Los primeros meses del bebé

Al nacer, el niño abandona el vientre materno, el cual le ofrecía un refugio cálido y seguro, alejado de ruidos y amenazas. Sin embargo, ahora deberá afrontar el mundo real, con sus pro y sus contra, por ello, debemos proporcionarle el mejor ambiente para que pueda adaptarse a esta nueva esfera de vida.

Por comenzar, el cuarto del niño debe ser su principal refugio, por ello, se sugiere lograr para éste un espacio exclusivo, lo más privado posible.

En él, se deberán contemplar la iluminación, la ventilación, la sonoridad, entre otros detalles.

El hecho de poder tener un cuarto ventilado, no significa que debamos abrir las puertas y ventanas de par en par, dejando ingresar el polvillo y los ruidos del exterior, que más que comodidad será un estorbo para los bebés. Por ello, se sugiere contar con buenas aberturas, las cuales deberán abrirse en los momentos que el bebé no se halla en el cuarto. Es muy importante ventilar al menor una vez al día, y si puede ser en horas tempranas, mejor aún.
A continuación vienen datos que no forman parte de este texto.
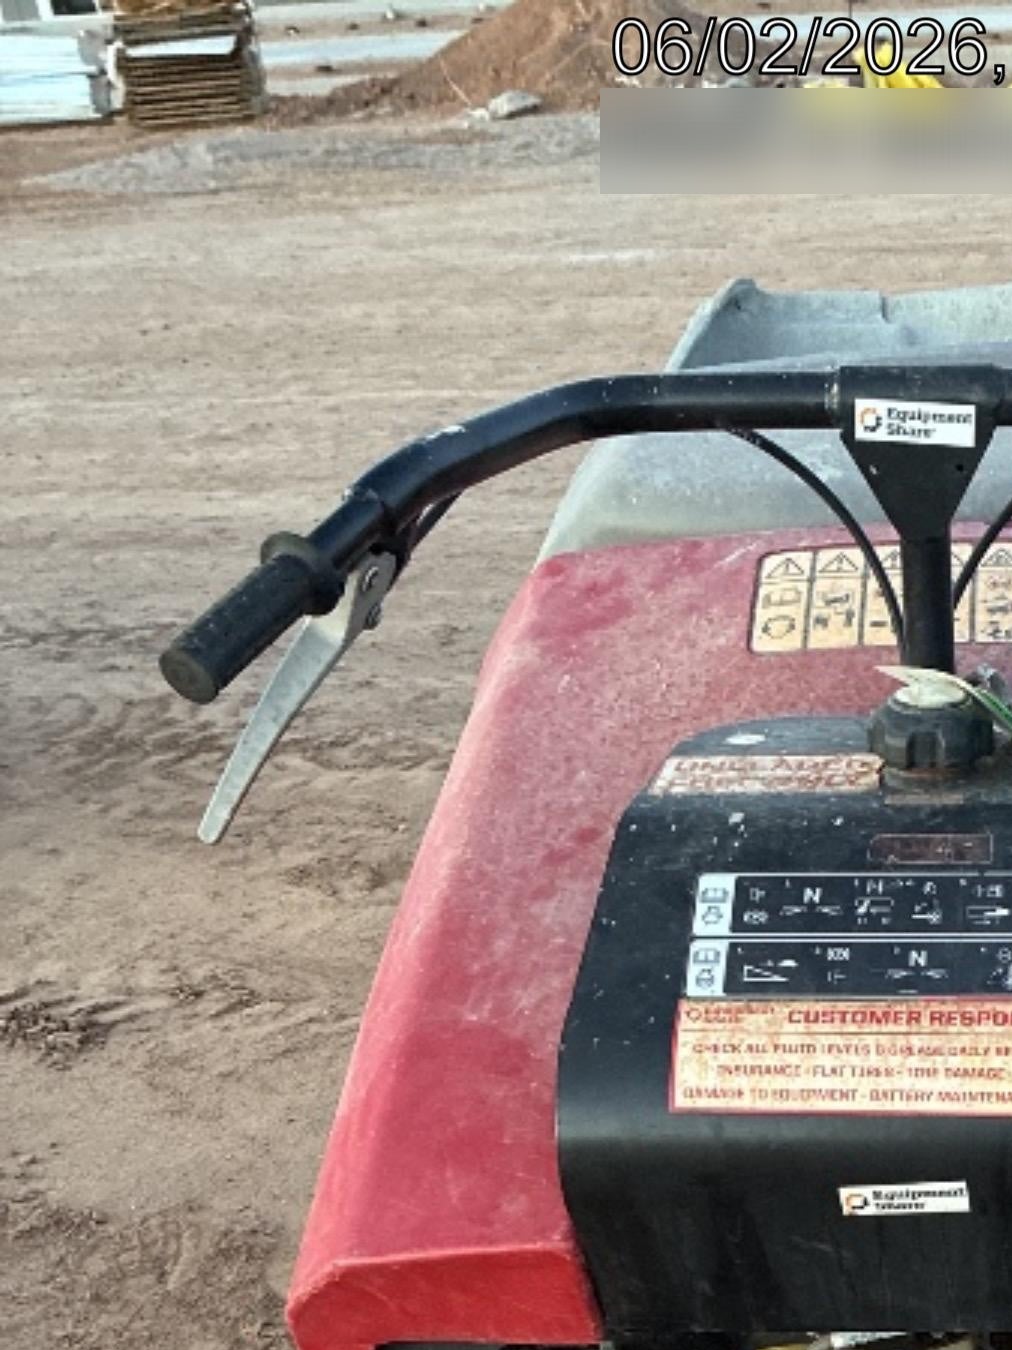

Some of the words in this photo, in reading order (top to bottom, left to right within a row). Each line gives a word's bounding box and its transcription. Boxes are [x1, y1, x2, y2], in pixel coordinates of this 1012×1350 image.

La iluminación natural es sumamente importante, ya sea para el aspecto general del cuarto, como para la piel del niño, el cual debe recibir el impacto de los rayos solares, en horarios donde estos son tenues.

Lo mismo ocurre con los sonidos, no es recomendable tener a los niños en un ambiente muy bullicioso, pero tampoco en un bunker, aislado de todo sonido, siempre se debe tender a una postura media.